[Stored data entries]
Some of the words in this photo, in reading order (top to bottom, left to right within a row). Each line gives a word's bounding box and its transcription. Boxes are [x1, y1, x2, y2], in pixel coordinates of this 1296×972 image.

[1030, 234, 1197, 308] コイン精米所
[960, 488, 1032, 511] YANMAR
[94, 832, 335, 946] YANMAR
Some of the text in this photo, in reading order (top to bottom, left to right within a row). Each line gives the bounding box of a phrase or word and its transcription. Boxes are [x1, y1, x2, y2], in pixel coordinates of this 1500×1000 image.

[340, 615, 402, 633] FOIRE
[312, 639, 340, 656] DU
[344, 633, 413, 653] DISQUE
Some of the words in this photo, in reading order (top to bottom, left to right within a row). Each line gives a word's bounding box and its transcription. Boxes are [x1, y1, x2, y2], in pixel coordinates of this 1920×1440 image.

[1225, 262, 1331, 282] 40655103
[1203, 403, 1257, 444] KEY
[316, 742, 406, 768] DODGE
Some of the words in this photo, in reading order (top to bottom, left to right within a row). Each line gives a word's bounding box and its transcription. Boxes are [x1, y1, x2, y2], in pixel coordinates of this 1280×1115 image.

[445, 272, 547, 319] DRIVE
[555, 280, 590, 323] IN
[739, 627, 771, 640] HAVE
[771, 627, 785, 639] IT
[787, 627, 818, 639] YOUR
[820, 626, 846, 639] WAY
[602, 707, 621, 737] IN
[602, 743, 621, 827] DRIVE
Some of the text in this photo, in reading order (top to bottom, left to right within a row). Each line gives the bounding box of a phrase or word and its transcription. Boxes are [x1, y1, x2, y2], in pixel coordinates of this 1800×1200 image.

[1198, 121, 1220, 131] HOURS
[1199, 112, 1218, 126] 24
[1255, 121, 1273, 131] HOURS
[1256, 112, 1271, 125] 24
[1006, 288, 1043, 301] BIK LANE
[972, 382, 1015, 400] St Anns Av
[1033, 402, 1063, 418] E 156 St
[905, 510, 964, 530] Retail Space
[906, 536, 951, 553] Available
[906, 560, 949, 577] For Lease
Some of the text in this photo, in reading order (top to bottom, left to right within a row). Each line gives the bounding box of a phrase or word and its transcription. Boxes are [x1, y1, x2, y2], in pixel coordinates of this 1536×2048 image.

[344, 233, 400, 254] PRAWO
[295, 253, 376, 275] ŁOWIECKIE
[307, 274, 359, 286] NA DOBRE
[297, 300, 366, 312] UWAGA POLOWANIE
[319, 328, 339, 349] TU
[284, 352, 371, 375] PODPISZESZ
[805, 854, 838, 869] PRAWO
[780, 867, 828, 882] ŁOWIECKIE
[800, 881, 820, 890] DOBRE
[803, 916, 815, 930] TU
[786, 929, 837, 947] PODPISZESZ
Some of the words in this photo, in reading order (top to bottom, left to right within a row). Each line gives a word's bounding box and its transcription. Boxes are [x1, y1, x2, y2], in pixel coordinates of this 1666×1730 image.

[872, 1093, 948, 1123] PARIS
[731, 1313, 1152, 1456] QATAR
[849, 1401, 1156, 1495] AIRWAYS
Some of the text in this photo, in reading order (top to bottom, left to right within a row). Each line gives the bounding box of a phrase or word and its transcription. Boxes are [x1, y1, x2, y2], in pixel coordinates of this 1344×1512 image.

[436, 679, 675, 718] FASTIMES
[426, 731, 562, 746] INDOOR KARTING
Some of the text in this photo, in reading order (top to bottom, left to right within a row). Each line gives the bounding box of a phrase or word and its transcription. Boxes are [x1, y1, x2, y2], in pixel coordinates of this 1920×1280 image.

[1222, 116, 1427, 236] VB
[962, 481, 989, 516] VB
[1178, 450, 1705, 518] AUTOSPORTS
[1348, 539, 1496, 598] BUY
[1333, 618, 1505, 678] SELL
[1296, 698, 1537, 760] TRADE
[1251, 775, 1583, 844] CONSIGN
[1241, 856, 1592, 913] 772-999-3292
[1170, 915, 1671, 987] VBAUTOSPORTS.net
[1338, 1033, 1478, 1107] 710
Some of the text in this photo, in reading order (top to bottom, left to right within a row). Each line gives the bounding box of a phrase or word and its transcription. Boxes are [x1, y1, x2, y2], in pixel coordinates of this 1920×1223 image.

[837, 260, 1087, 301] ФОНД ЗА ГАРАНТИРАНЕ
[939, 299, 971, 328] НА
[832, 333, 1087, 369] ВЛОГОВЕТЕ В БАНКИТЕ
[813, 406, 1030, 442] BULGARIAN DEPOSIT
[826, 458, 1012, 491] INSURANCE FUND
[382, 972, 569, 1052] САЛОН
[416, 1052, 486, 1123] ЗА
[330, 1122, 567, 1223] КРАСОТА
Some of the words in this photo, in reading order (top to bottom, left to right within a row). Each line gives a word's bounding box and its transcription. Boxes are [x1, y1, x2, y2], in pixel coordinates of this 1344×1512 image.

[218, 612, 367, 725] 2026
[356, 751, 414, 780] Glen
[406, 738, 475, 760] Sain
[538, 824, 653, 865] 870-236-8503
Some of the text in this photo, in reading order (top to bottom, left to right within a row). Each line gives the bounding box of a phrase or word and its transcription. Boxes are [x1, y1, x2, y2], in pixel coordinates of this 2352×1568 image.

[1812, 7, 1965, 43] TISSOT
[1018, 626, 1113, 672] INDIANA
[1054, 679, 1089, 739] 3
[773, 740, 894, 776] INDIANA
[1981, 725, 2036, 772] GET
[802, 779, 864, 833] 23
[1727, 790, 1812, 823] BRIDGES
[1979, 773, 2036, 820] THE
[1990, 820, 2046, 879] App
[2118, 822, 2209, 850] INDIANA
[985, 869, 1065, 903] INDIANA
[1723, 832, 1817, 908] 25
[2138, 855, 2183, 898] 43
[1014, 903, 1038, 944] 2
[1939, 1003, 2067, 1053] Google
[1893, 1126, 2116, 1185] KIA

§ **Your objective**: Each entry is to be written out exactly as it was given.

§ **Solution for this exercise**:
Some of the words in this photo, in reading order (top to bottom, left to right within a row). Each line gives a word's bounding box and its transcription. Boxes are [x1, y1, x2, y2], in pixel coordinates of this 1296×972 image.

[1030, 234, 1197, 308] コイン精米所
[960, 488, 1032, 511] YANMAR
[94, 832, 335, 946] YANMAR
Some of the text in this photo, in reading order (top to bottom, left to right within a row). Each line gives the bounding box of a phrase or word and its transcription. Boxes are [x1, y1, x2, y2], in pixel coordinates of this 1500×1000 image.

[340, 615, 402, 633] FOIRE
[312, 639, 340, 656] DU
[344, 633, 413, 653] DISQUE
Some of the words in this photo, in reading order (top to bottom, left to right within a row). Each line gives a word's bounding box and its transcription. Boxes are [x1, y1, x2, y2], in pixel coordinates of this 1920×1440 image.

[1225, 262, 1331, 282] 40655103
[1203, 403, 1257, 444] KEY
[316, 742, 406, 768] DODGE
Some of the words in this photo, in reading order (top to bottom, left to right within a row). Each line gives a word's bounding box and its transcription. Boxes are [x1, y1, x2, y2], in pixel coordinates of this 1280×1115 image.

[445, 272, 547, 319] DRIVE
[555, 280, 590, 323] IN
[739, 627, 771, 640] HAVE
[771, 627, 785, 639] IT
[787, 627, 818, 639] YOUR
[820, 626, 846, 639] WAY
[602, 707, 621, 737] IN
[602, 743, 621, 827] DRIVE
Some of the text in this photo, in reading order (top to bottom, left to right within a row). Each line gives the bounding box of a phrase or word and its transcription. Boxes are [x1, y1, x2, y2], in pixel coordinates of this 1800×1200 image.

[1198, 121, 1220, 131] HOURS
[1199, 112, 1218, 126] 24
[1255, 121, 1273, 131] HOURS
[1256, 112, 1271, 125] 24
[1006, 288, 1043, 301] BIK LANE
[972, 382, 1015, 400] St Anns Av
[1033, 402, 1063, 418] E 156 St
[905, 510, 964, 530] Retail Space
[906, 536, 951, 553] Available
[906, 560, 949, 577] For Lease
Some of the text in this photo, in reading order (top to bottom, left to right within a row). Each line gives the bounding box of a phrase or word and its transcription. Boxes are [x1, y1, x2, y2], in pixel coordinates of this 1536×2048 image.

[344, 233, 400, 254] PRAWO
[295, 253, 376, 275] ŁOWIECKIE
[307, 274, 359, 286] NA DOBRE
[297, 300, 366, 312] UWAGA POLOWANIE
[319, 328, 339, 349] TU
[284, 352, 371, 375] PODPISZESZ
[805, 854, 838, 869] PRAWO
[780, 867, 828, 882] ŁOWIECKIE
[800, 881, 820, 890] DOBRE
[803, 916, 815, 930] TU
[786, 929, 837, 947] PODPISZESZ
Some of the words in this photo, in reading order (top to bottom, left to right within a row). Each line gives a word's bounding box and its transcription. Boxes are [x1, y1, x2, y2], in pixel coordinates of this 1666×1730 image.

[872, 1093, 948, 1123] PARIS
[731, 1313, 1152, 1456] QATAR
[849, 1401, 1156, 1495] AIRWAYS
Some of the text in this photo, in reading order (top to bottom, left to right within a row). Each line gives the bounding box of a phrase or word and its transcription. Boxes are [x1, y1, x2, y2], in pixel coordinates of this 1344×1512 image.

[436, 679, 675, 718] FASTIMES
[426, 731, 562, 746] INDOOR KARTING
Some of the text in this photo, in reading order (top to bottom, left to right within a row). Each line gives the bounding box of a phrase or word and its transcription. Boxes are [x1, y1, x2, y2], in pixel coordinates of this 1920×1280 image.

[1222, 116, 1427, 236] VB
[962, 481, 989, 516] VB
[1178, 450, 1705, 518] AUTOSPORTS
[1348, 539, 1496, 598] BUY
[1333, 618, 1505, 678] SELL
[1296, 698, 1537, 760] TRADE
[1251, 775, 1583, 844] CONSIGN
[1241, 856, 1592, 913] 772-999-3292
[1170, 915, 1671, 987] VBAUTOSPORTS.net
[1338, 1033, 1478, 1107] 710
Some of the text in this photo, in reading order (top to bottom, left to right within a row). Each line gives the bounding box of a phrase or word and its transcription. Boxes are [x1, y1, x2, y2], in pixel coordinates of this 1920×1223 image.

[837, 260, 1087, 301] ФОНД ЗА ГАРАНТИРАНЕ
[939, 299, 971, 328] НА
[832, 333, 1087, 369] ВЛОГОВЕТЕ В БАНКИТЕ
[813, 406, 1030, 442] BULGARIAN DEPOSIT
[826, 458, 1012, 491] INSURANCE FUND
[382, 972, 569, 1052] САЛОН
[416, 1052, 486, 1123] ЗА
[330, 1122, 567, 1223] КРАСОТА
Some of the words in this photo, in reading order (top to bottom, left to right within a row). Each line gives a word's bounding box and its transcription. Boxes are [x1, y1, x2, y2], in pixel coordinates of this 1344×1512 image.

[218, 612, 367, 725] 2026
[356, 751, 414, 780] Glen
[406, 738, 475, 760] Sain
[538, 824, 653, 865] 870-236-8503
Some of the text in this photo, in reading order (top to bottom, left to right within a row). Each line gives the bounding box of a phrase or word and its transcription. Boxes are [x1, y1, x2, y2], in pixel coordinates of this 2352×1568 image.

[1812, 7, 1965, 43] TISSOT
[1018, 626, 1113, 672] INDIANA
[1054, 679, 1089, 739] 3
[773, 740, 894, 776] INDIANA
[1981, 725, 2036, 772] GET
[802, 779, 864, 833] 23
[1727, 790, 1812, 823] BRIDGES
[1979, 773, 2036, 820] THE
[1990, 820, 2046, 879] App
[2118, 822, 2209, 850] INDIANA
[985, 869, 1065, 903] INDIANA
[1723, 832, 1817, 908] 25
[2138, 855, 2183, 898] 43
[1014, 903, 1038, 944] 2
[1939, 1003, 2067, 1053] Google
[1893, 1126, 2116, 1185] KIA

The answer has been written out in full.